これで、星野さんはハッとしました。自分の口から出る怒りが周りの人を悲しませていると言うことを看護婦さんの真剣な表情から知ったのです。その言葉に込められた愛情が伝わってきたので、星野さんは自分の怒りがどんなに破壊的なものであるかを悟り、生き方を改めることができたのです。それどころか、自分の怒りのもとにある悲しみや悔しさを神様に対する言葉として詩にすることで、多くの人の心に宿る怒りを和らげることに役立っているのです。
もし、看護婦さんが「星野さん、あなたいつもコンチクショーって言っているわね。そんなひどい言葉聞きたくないわ」と言っていたらどうだったでしょう。看護婦さんが星野さんを一言も責めず、愛をもって自分の感じていた悲しさを伝えたからこそ、星野さんの生き方が改まったのではないかと思われます。
もう一つ、お勧めしたいのは、神様との関係の中で出来事の意味を考えることです。私たちの人生に起こる出来事は、それが喜びであれ、苦しみであれ、私たちの魂のために神様が愛をもって与えたものと聖書は教えています。
ローマ8:28「神を愛する人々、すなわち、神のご計画に従って召された人々のためには、神がすべてのことを働かせて益としてくださることを、私たちは知っています。」
私たちの心に怒りを起こす、人々の冷たい仕打ち、愛するのが難しい人々の存在。それは、私たちにとって苦しみです。しかし、それは忍耐やへりくだって仕えることを学ぶために、神様が備えてくださった学校なのです。この様に神様の愛という視点で出来事の意味を考え、受けとめる時、私たちは怒りとの戦いに立ち向かってゆくことができるのです。
最後に、私たちができること、できないことを整理したいと思います。怒りの感情を抑えることは私たちにはできません。しかし、怒りをどう表すか、伝えるかは、私たちがコントロールできることです。ただし,それは私たちひとりでは不可能、しかし、神様と一緒なら可能。これが、聖書のメッセージです。

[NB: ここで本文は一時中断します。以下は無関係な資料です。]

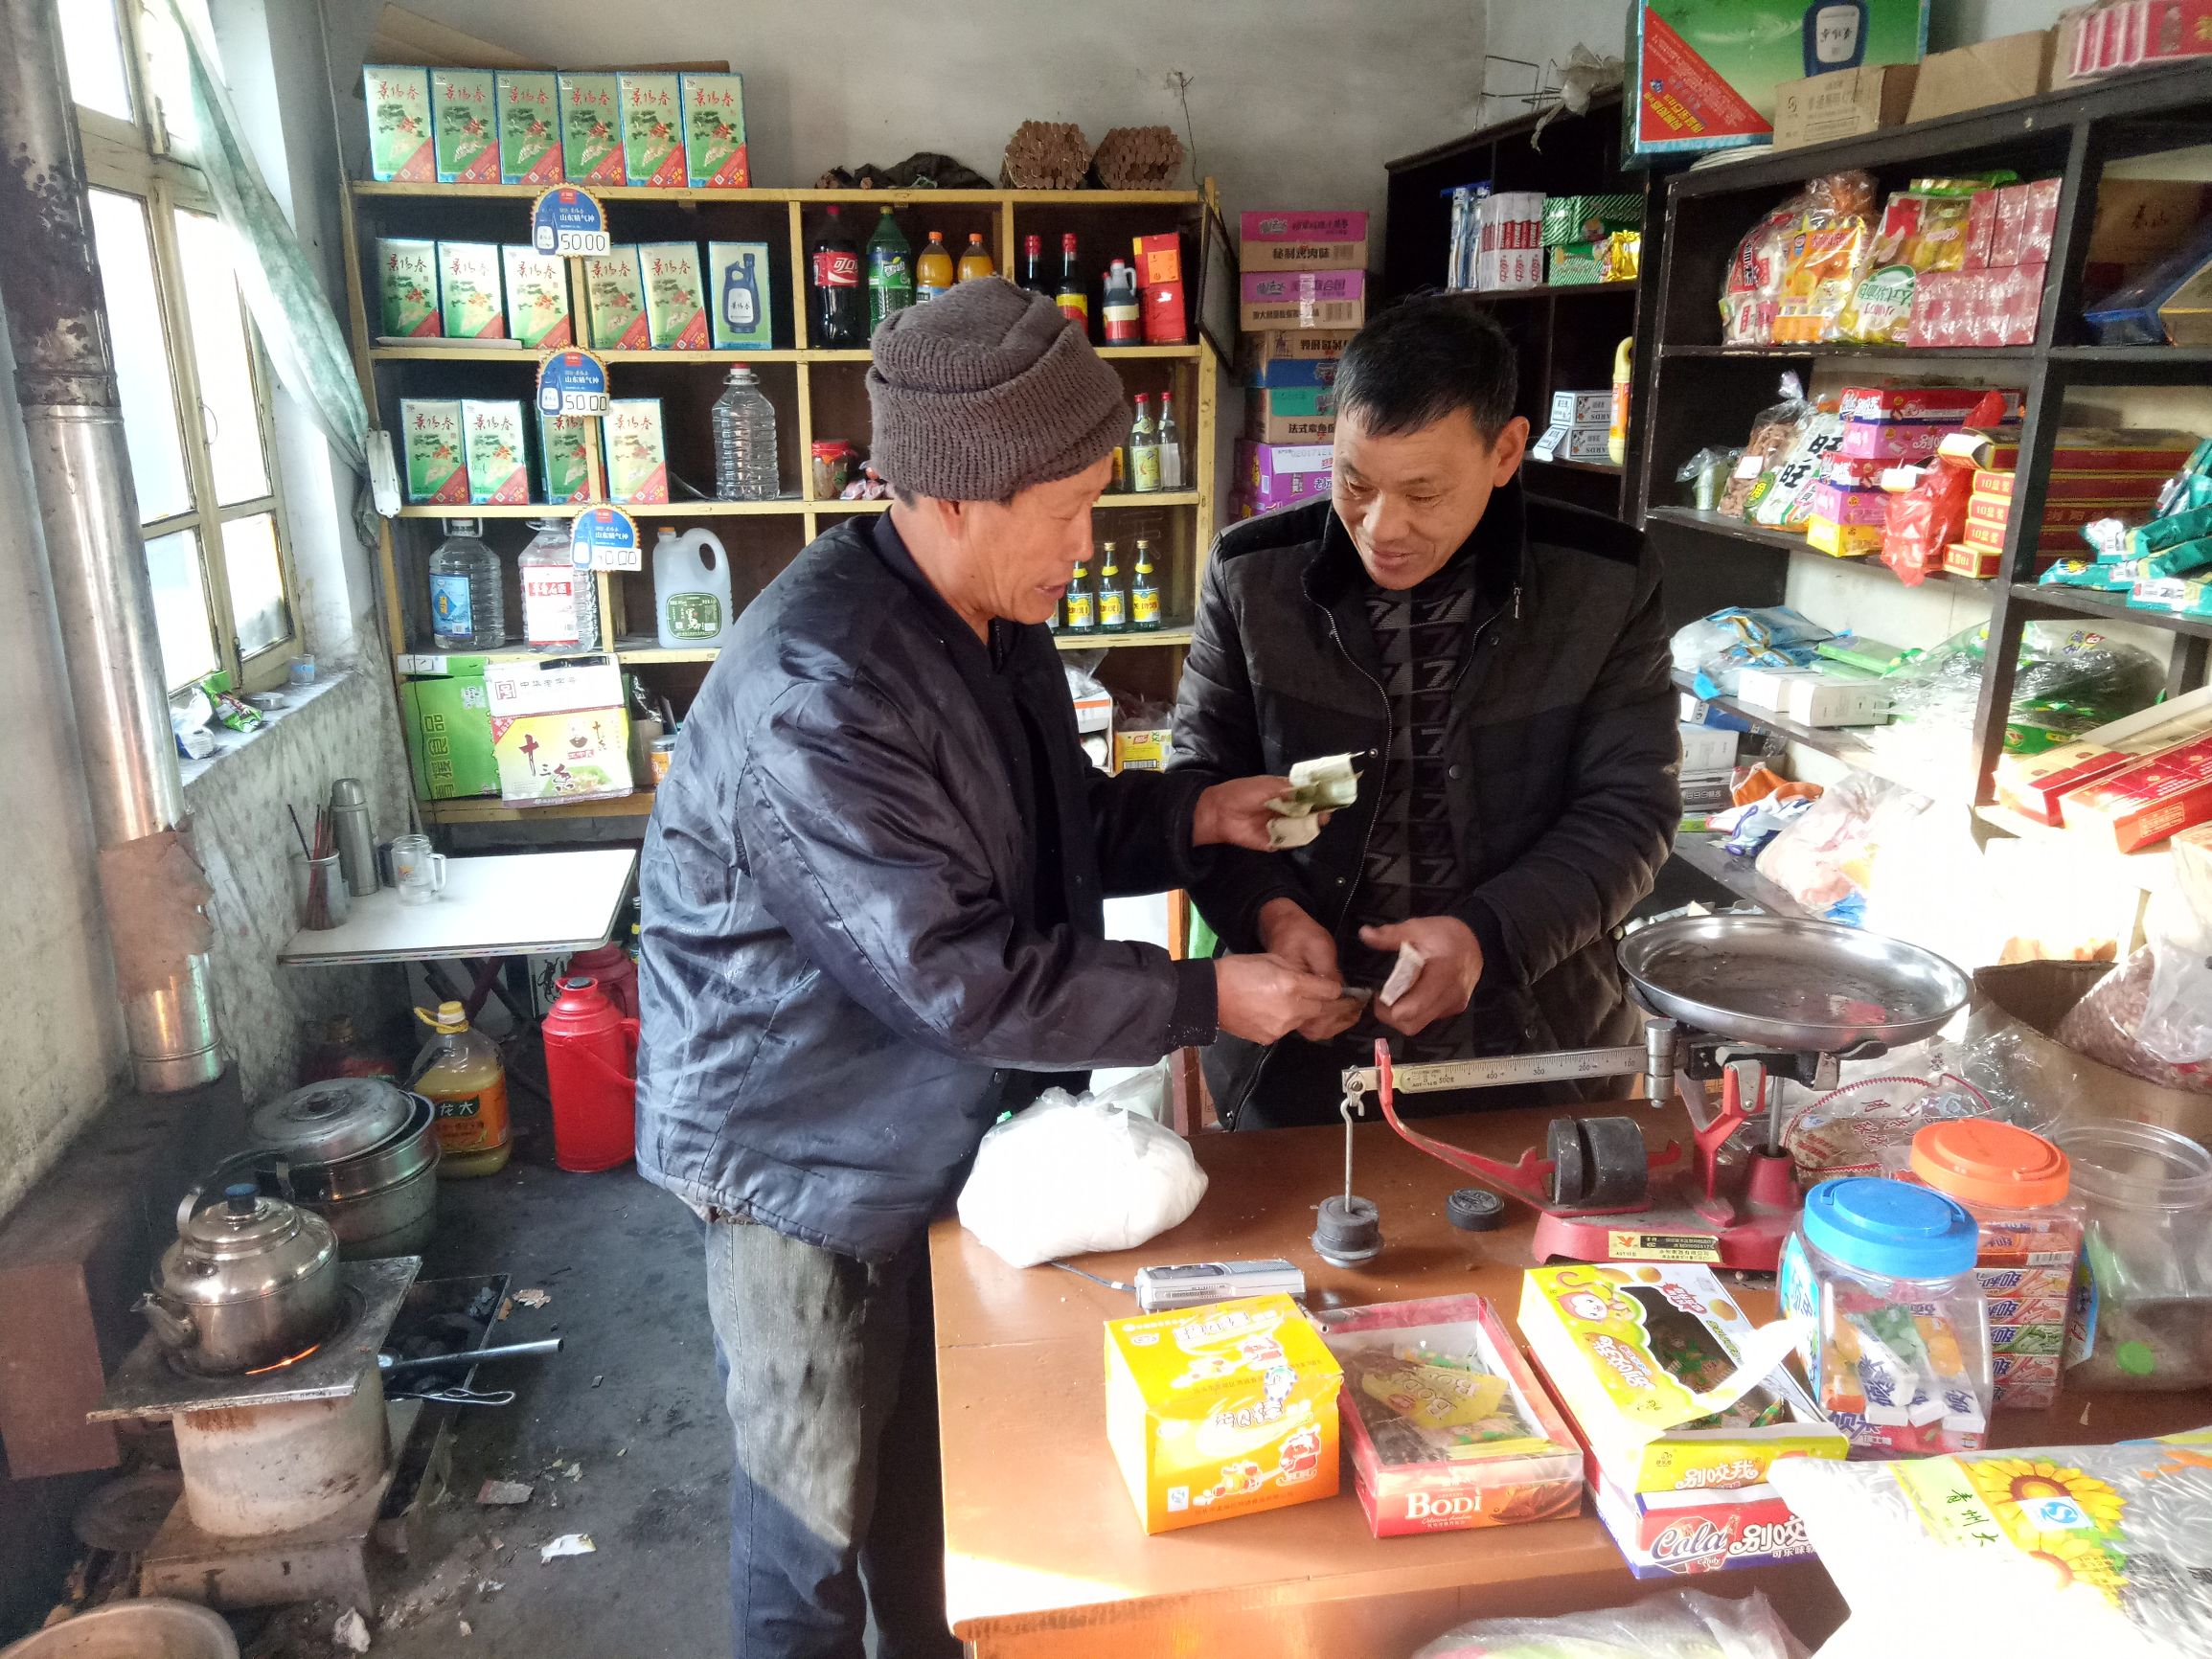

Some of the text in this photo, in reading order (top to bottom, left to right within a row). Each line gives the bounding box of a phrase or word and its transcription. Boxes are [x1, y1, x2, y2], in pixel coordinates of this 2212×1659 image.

[1675, 1459, 1759, 1489] 别咬我
[1651, 1521, 1727, 1561] Cola

怒りの感情に対して実に弱い私たち。怒りに駆られ人を攻撃し、かと思えばプライドに拘って心から謝ることも、自分の思いをも伝えることの苦手な私たち。そんな私たちのことを良く知り、受け入れ、一言も非難せずに愛してくださる神様。この神様との安心できる関係の中で、また、神様を信じる人々との安心できる関係の中で、怒りと言う隣人と付き合ってゆくことをお勧めしたいと思います。